■ TASK BRIEF
Print the entries exactly; no image belongs in the copy.

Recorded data
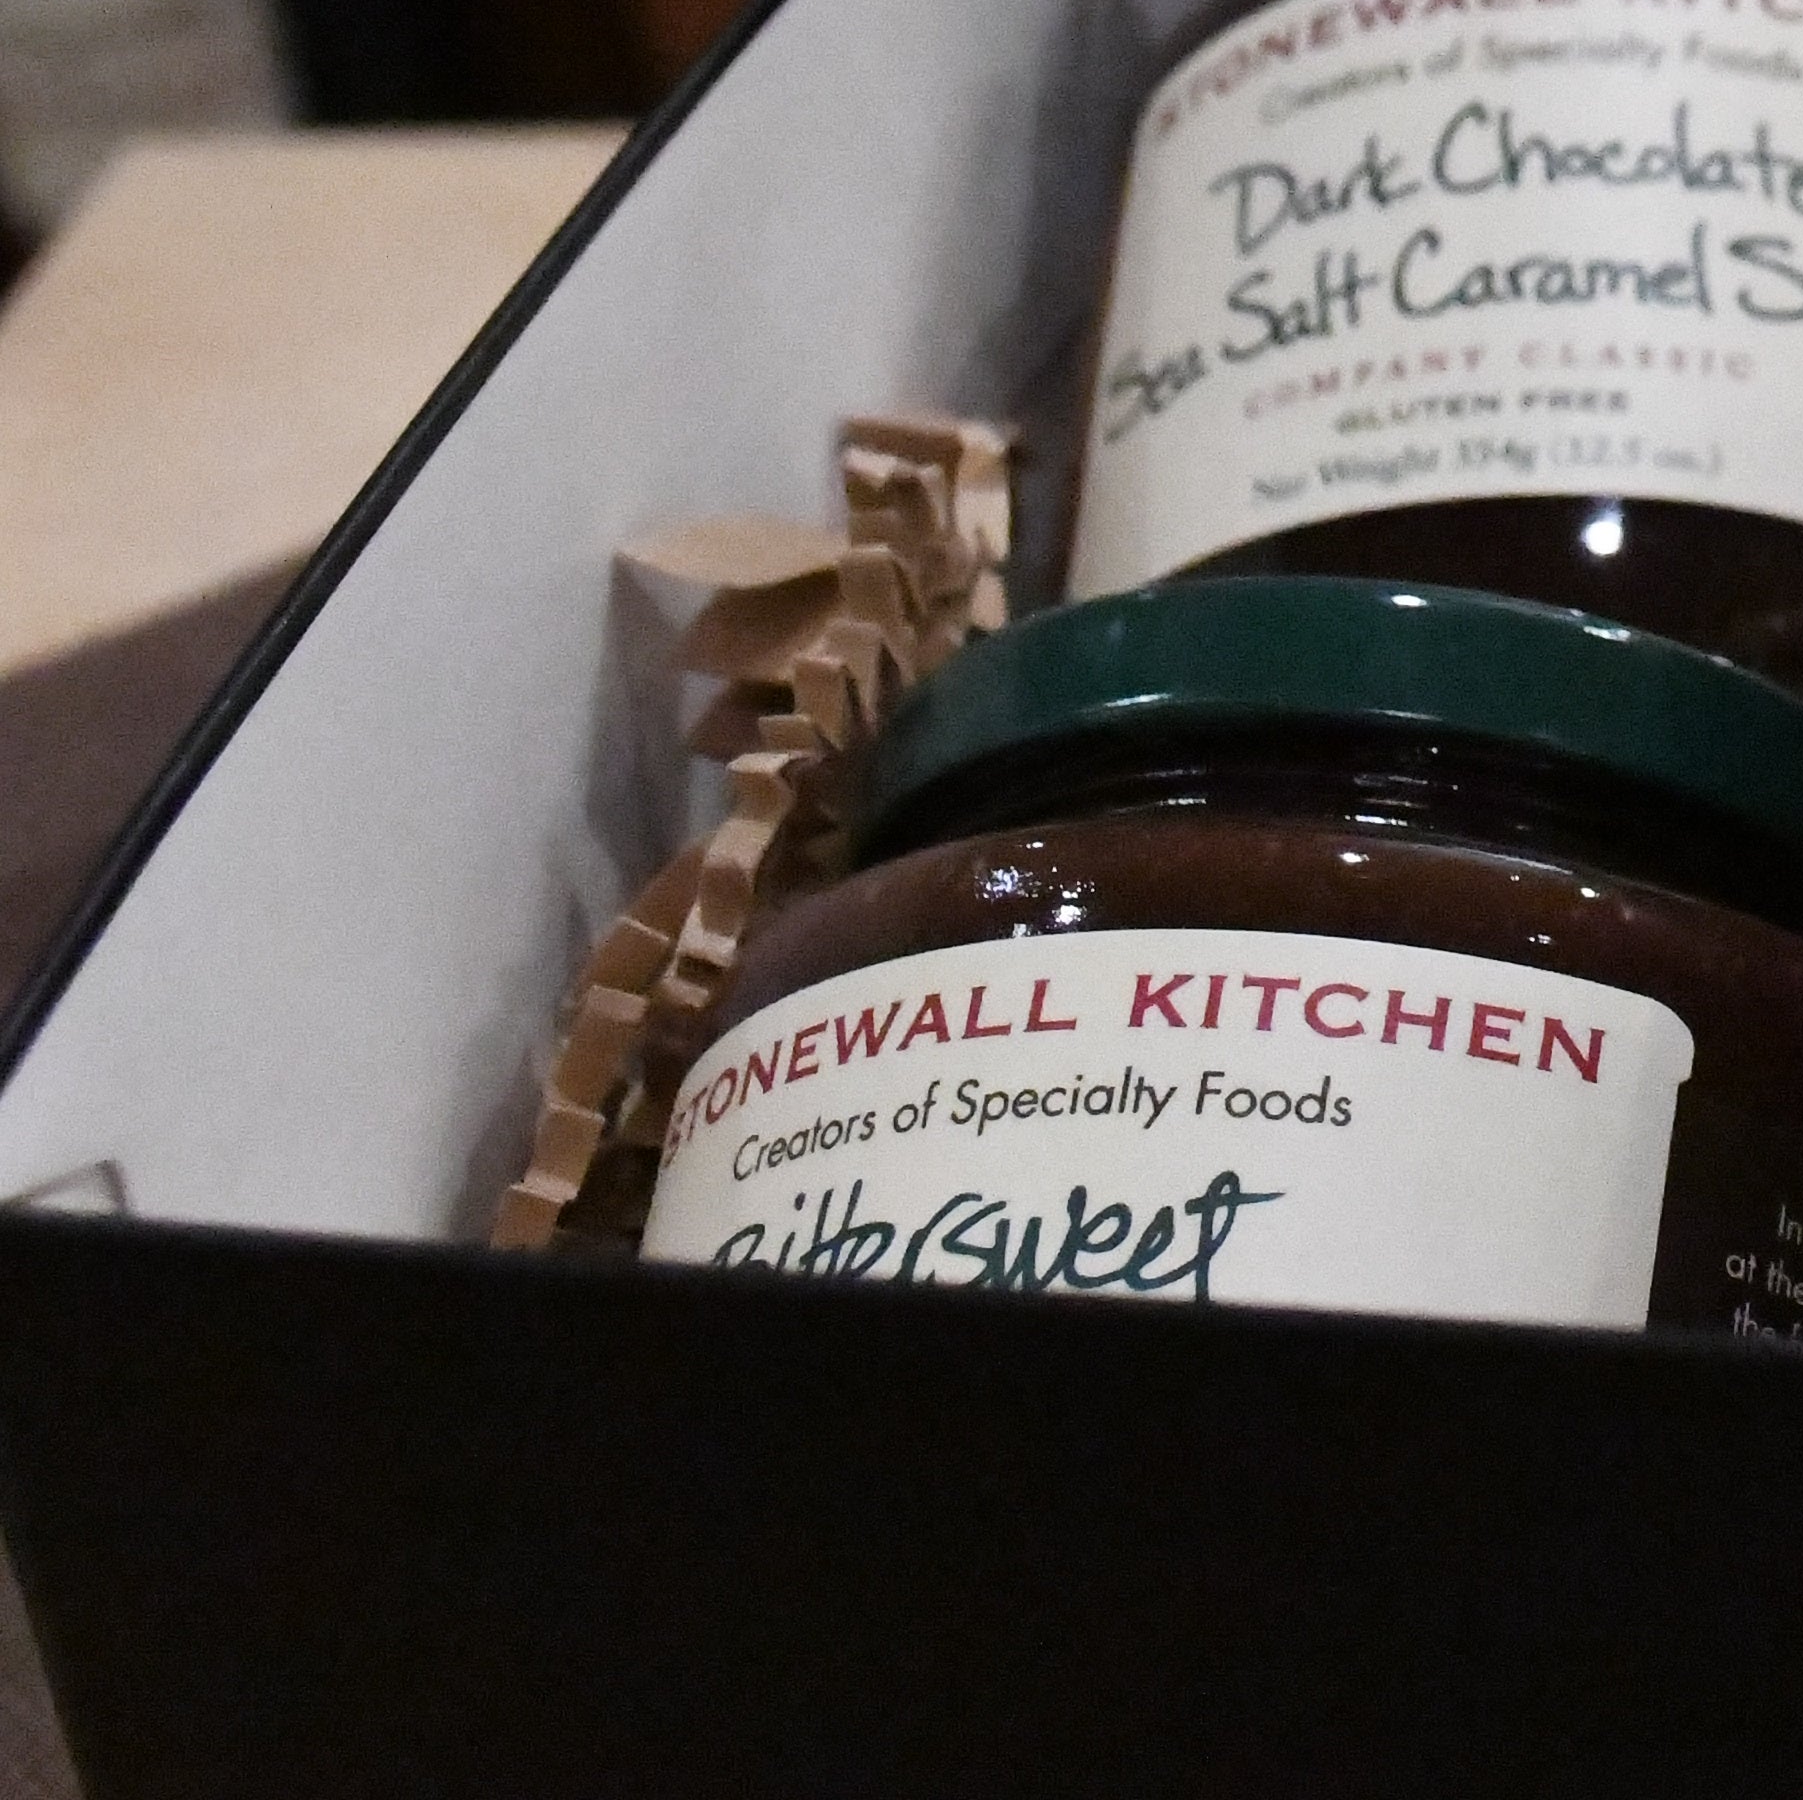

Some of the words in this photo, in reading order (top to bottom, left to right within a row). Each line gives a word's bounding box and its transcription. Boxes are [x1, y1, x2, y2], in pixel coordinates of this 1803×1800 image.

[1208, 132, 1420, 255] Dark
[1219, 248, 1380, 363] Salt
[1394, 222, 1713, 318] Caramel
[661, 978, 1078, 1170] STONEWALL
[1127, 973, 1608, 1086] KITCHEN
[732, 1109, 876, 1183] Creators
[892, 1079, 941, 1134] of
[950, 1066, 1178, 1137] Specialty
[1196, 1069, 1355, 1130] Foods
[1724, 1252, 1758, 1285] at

■ REPLY
Some of the words in this photo, in reading order (top to bottom, left to right within a row). Each line gives a word's bounding box and its transcription. Boxes are [x1, y1, x2, y2], in pixel coordinates of this 1803×1800 image.

[1208, 132, 1420, 255] Dark
[1219, 248, 1380, 363] Salt
[1394, 222, 1713, 318] Caramel
[661, 978, 1078, 1170] STONEWALL
[1127, 973, 1608, 1086] KITCHEN
[732, 1109, 876, 1183] Creators
[892, 1079, 941, 1134] of
[950, 1066, 1178, 1137] Specialty
[1196, 1069, 1355, 1130] Foods
[1724, 1252, 1758, 1285] at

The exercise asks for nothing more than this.